## PROBLEM REQUIREMENTS:
Each line below is to be set down again exactly.

Content starts

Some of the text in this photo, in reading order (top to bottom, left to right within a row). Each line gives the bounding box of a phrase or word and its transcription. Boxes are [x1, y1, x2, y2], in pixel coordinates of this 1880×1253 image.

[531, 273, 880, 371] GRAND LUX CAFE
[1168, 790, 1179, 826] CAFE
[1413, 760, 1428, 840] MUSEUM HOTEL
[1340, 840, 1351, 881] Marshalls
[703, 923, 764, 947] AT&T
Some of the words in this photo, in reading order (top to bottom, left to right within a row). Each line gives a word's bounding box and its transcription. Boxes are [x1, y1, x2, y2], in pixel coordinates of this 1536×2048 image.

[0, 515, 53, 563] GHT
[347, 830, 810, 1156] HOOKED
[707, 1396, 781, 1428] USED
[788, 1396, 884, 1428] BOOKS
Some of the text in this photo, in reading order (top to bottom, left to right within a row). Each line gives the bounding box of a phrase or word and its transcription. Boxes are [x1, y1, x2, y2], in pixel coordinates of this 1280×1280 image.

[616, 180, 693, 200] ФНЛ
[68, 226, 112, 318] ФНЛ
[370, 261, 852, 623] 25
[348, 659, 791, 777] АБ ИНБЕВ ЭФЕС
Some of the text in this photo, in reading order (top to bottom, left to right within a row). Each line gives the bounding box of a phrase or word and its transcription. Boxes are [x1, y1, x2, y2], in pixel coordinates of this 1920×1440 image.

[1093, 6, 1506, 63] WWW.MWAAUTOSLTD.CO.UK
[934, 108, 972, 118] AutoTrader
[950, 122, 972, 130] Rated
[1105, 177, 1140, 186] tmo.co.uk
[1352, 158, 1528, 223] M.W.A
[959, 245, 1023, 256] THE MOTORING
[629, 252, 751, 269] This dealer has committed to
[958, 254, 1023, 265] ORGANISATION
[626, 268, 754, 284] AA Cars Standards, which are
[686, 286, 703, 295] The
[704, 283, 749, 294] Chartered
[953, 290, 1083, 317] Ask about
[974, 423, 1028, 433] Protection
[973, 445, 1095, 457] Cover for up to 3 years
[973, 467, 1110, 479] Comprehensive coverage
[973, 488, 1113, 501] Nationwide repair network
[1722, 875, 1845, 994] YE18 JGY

Content ends

## TASK ANSWER:
Some of the text in this photo, in reading order (top to bottom, left to right within a row). Each line gives the bounding box of a phrase or word and its transcription. Boxes are [x1, y1, x2, y2], in pixel coordinates of this 1880×1253 image.

[531, 273, 880, 371] GRAND LUX CAFE
[1168, 790, 1179, 826] CAFE
[1413, 760, 1428, 840] MUSEUM HOTEL
[1340, 840, 1351, 881] Marshalls
[703, 923, 764, 947] AT&T
Some of the words in this photo, in reading order (top to bottom, left to right within a row). Each line gives a word's bounding box and its transcription. Boxes are [x1, y1, x2, y2], in pixel coordinates of this 1536×2048 image.

[0, 515, 53, 563] GHT
[347, 830, 810, 1156] HOOKED
[707, 1396, 781, 1428] USED
[788, 1396, 884, 1428] BOOKS
Some of the text in this photo, in reading order (top to bottom, left to right within a row). Each line gives the bounding box of a phrase or word and its transcription. Boxes are [x1, y1, x2, y2], in pixel coordinates of this 1280×1280 image.

[616, 180, 693, 200] ФНЛ
[68, 226, 112, 318] ФНЛ
[370, 261, 852, 623] 25
[348, 659, 791, 777] АБ ИНБЕВ ЭФЕС
Some of the text in this photo, in reading order (top to bottom, left to right within a row). Each line gives the bounding box of a phrase or word and its transcription. Boxes are [x1, y1, x2, y2], in pixel coordinates of this 1920×1440 image.

[1093, 6, 1506, 63] WWW.MWAAUTOSLTD.CO.UK
[934, 108, 972, 118] AutoTrader
[950, 122, 972, 130] Rated
[1105, 177, 1140, 186] tmo.co.uk
[1352, 158, 1528, 223] M.W.A
[959, 245, 1023, 256] THE MOTORING
[629, 252, 751, 269] This dealer has committed to
[958, 254, 1023, 265] ORGANISATION
[626, 268, 754, 284] AA Cars Standards, which are
[686, 286, 703, 295] The
[704, 283, 749, 294] Chartered
[953, 290, 1083, 317] Ask about
[974, 423, 1028, 433] Protection
[973, 445, 1095, 457] Cover for up to 3 years
[973, 467, 1110, 479] Comprehensive coverage
[973, 488, 1113, 501] Nationwide repair network
[1722, 875, 1845, 994] YE18 JGY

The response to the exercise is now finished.